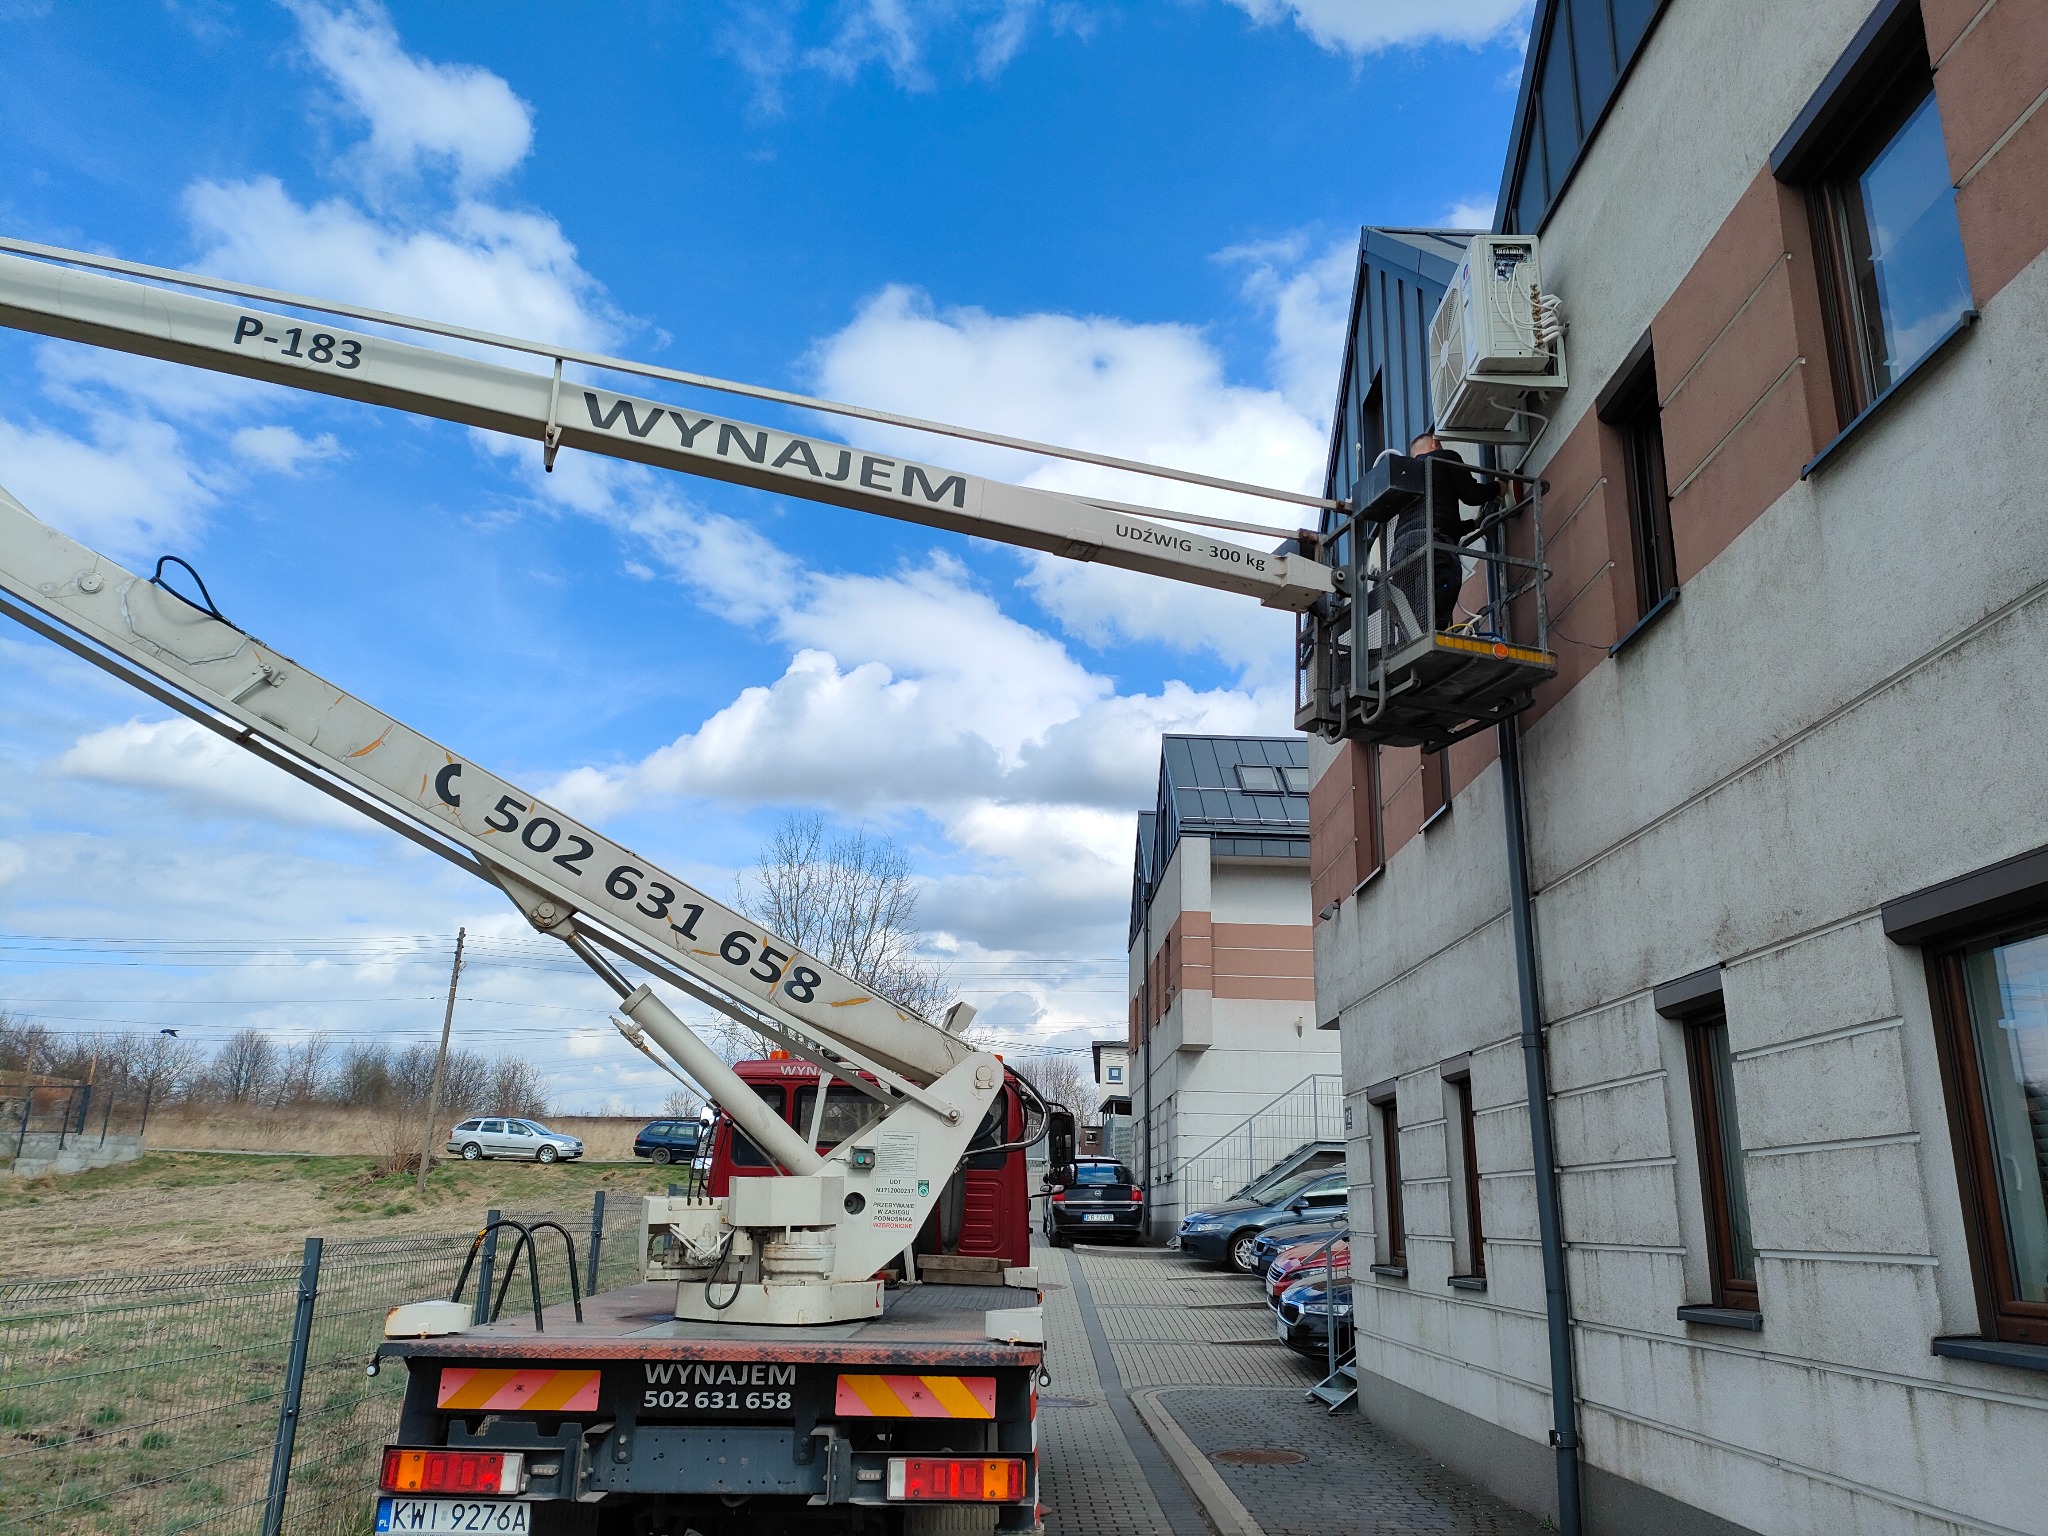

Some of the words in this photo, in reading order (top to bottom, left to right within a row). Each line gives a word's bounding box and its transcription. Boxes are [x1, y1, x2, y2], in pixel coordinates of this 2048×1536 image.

[233, 315, 362, 370] P-183
[583, 391, 967, 509] WYNAJEM
[1116, 524, 1192, 552] UDŹWIG
[1208, 545, 1241, 563] 300
[1246, 553, 1266, 572] kg
[484, 795, 594, 876] 502
[605, 865, 705, 941] 631
[720, 930, 821, 1003] 658
[644, 1363, 796, 1386] WYNAJEM
[643, 1390, 689, 1408] 502
[694, 1391, 739, 1409] 631
[745, 1392, 791, 1410] 658
[378, 1519, 388, 1527] PL
[450, 1503, 526, 1532] 9276A
▬▬▬▬▬▬
→ **ACTIVITY**
Word for word, restate the whole listing and drop the images.

→ **RESPONSE FOR THIS EXERCISE**
Some of the words in this photo, in reading order (top to bottom, left to right within a row). Each line gives a word's bounding box and its transcription. Boxes are [x1, y1, x2, y2], in pixel coordinates of this 2048×1536 image.

[233, 315, 362, 370] P-183
[583, 391, 967, 509] WYNAJEM
[1116, 524, 1192, 552] UDŹWIG
[1208, 545, 1241, 563] 300
[1246, 553, 1266, 572] kg
[484, 795, 594, 876] 502
[605, 865, 705, 941] 631
[720, 930, 821, 1003] 658
[644, 1363, 796, 1386] WYNAJEM
[643, 1390, 689, 1408] 502
[694, 1391, 739, 1409] 631
[745, 1392, 791, 1410] 658
[378, 1519, 388, 1527] PL
[450, 1503, 526, 1532] 9276A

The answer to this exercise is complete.